ABA Lectures

As I mentioned in my previous post, I attended two lectures instead of going out to bird. There were no field trips scheduled in the conference, and the weather was iffy enough to keep me from going out on my own (they are calling for severe, potentially tornadic, thunderstorms in Louisiana today and tonight).

The two lectures were quite interesting. The first was about the use of weather radar to detect migratory birds. The second was about the psychology of identifying birds.

The weather radar lecture provided me a nice "duh!" moment. Weather radar is designed to bounce microwaves of of material that is in the atmosphere. Rain, snow, sleet, hail and other forms of precipitation are examples of material that will reflect the waves broadcast by radar, but so are insects, bats and birds. When you get enough insects, bats and birds, then the image produced by a weather radar will indicate their presence. The number of birds involved in spring or fall migration are easily enough to show up on a weather radar. Since birds migrate at night, you have to look at certain times of day to see it. And you have to know which radar imagery to use: many local television station's filter their radar images to only show reflectivity caused by precipitation. I will definitely be looking into this some more.
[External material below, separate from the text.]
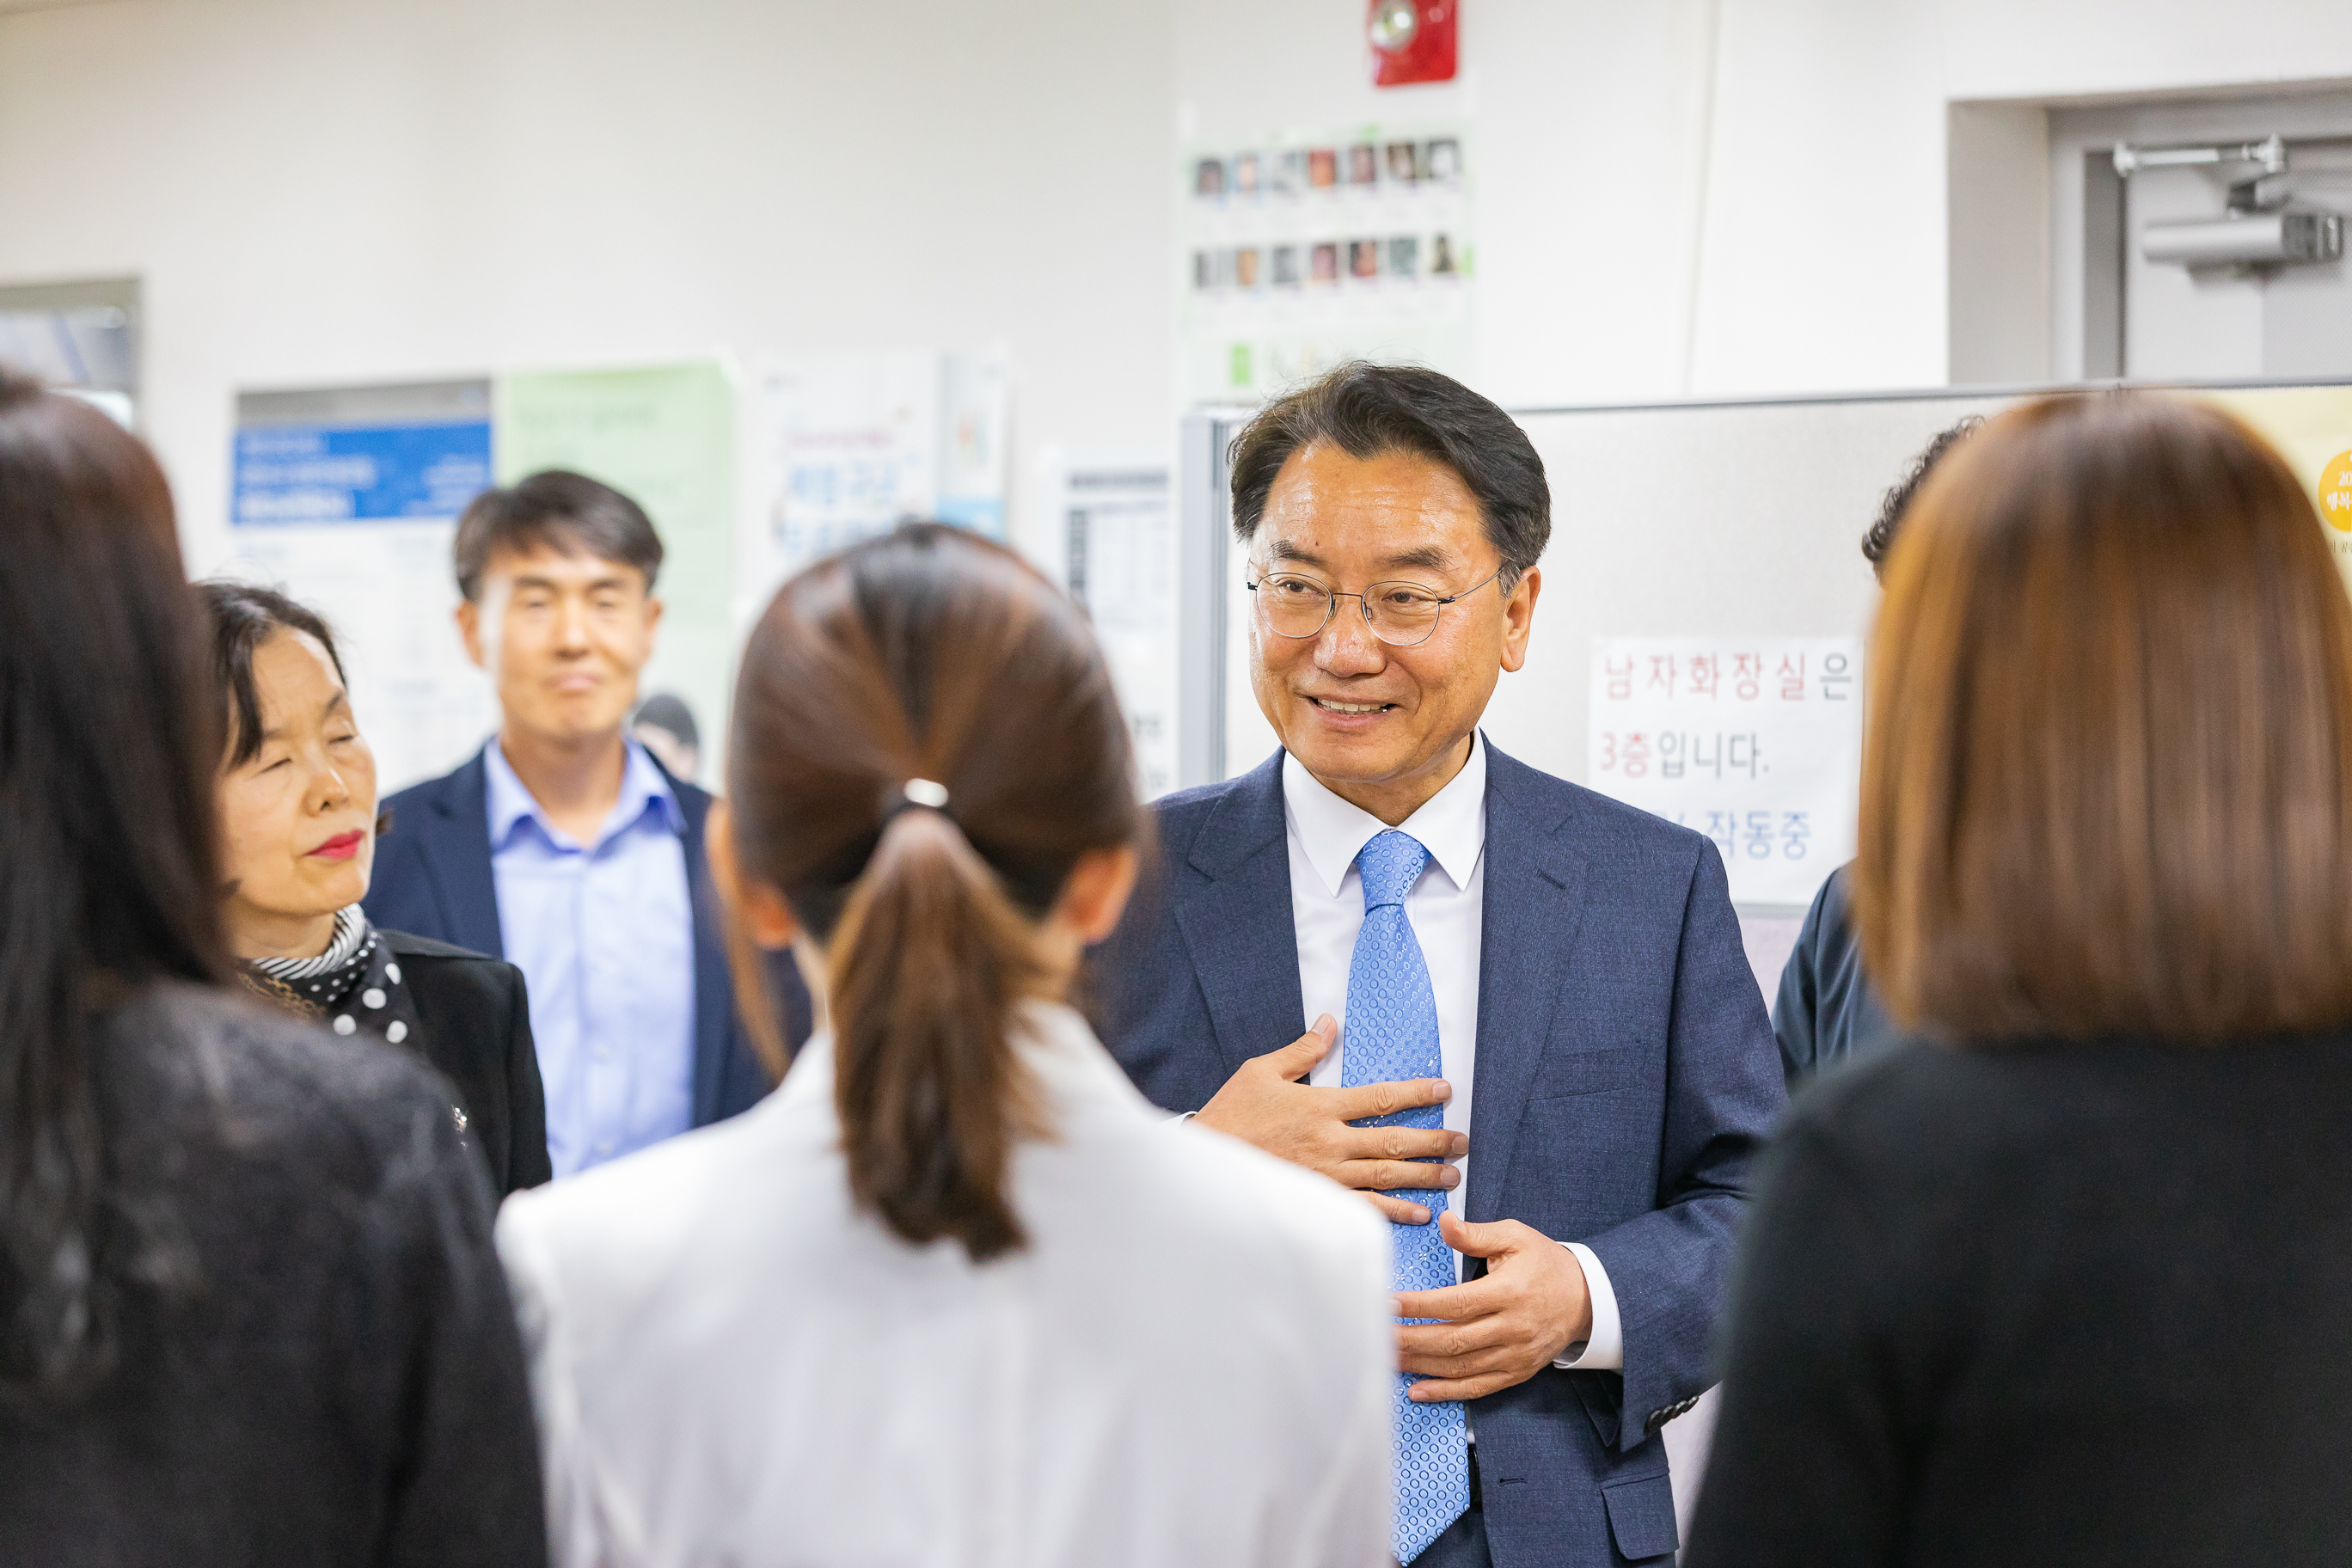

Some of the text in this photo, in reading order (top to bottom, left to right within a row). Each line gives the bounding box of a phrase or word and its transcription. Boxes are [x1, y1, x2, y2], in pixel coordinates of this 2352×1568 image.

The second lecture, on the psychology of bird identification, was given by David Sibley. In his opening remarks, he said he was always interested in the topic, but the recent debate over the rediscovery (or not) of the Ivory-billed Woodpecker, and its associated evidence, really has intrigued him. He provided lots of interesting observations on phenomenon and human behaviors that prevent us from being entirely objective. In general, as our experience in bird watching grows, we evolve from a step-wise form of identification to a holistic one. This evolution allows us to make very educated shortcut guesses as identification, that tend to be correct (out of experience) but can also be risky (because the process skips the stepwise approach). There are other factors as well that I will not delve into. All in all it was a very interesting lecture that hit home with me several times. In many ways, the process of identifying a bird with limited information is very similar to the process of figuring out a software problem with limited information. In both cases it is not uncommon for what I would call "conspiracy theories" to form and grow. Human tendency is to note evidence that supports the theory instead of evidence that contradicts the theory. It requires a purposely objective approach to consider the alternatives and reach root cause (or identity).

Tomorrow is another field trip day. Because of the weather tonight (the storms are here, but no tornadoes near Lafayette), it is possible that all of the migrating birds that were going to leave tonight will be combined with all of the birds arriving tonight. If that happens, there might be a lot of birds flitting about tomorrow. We shall see.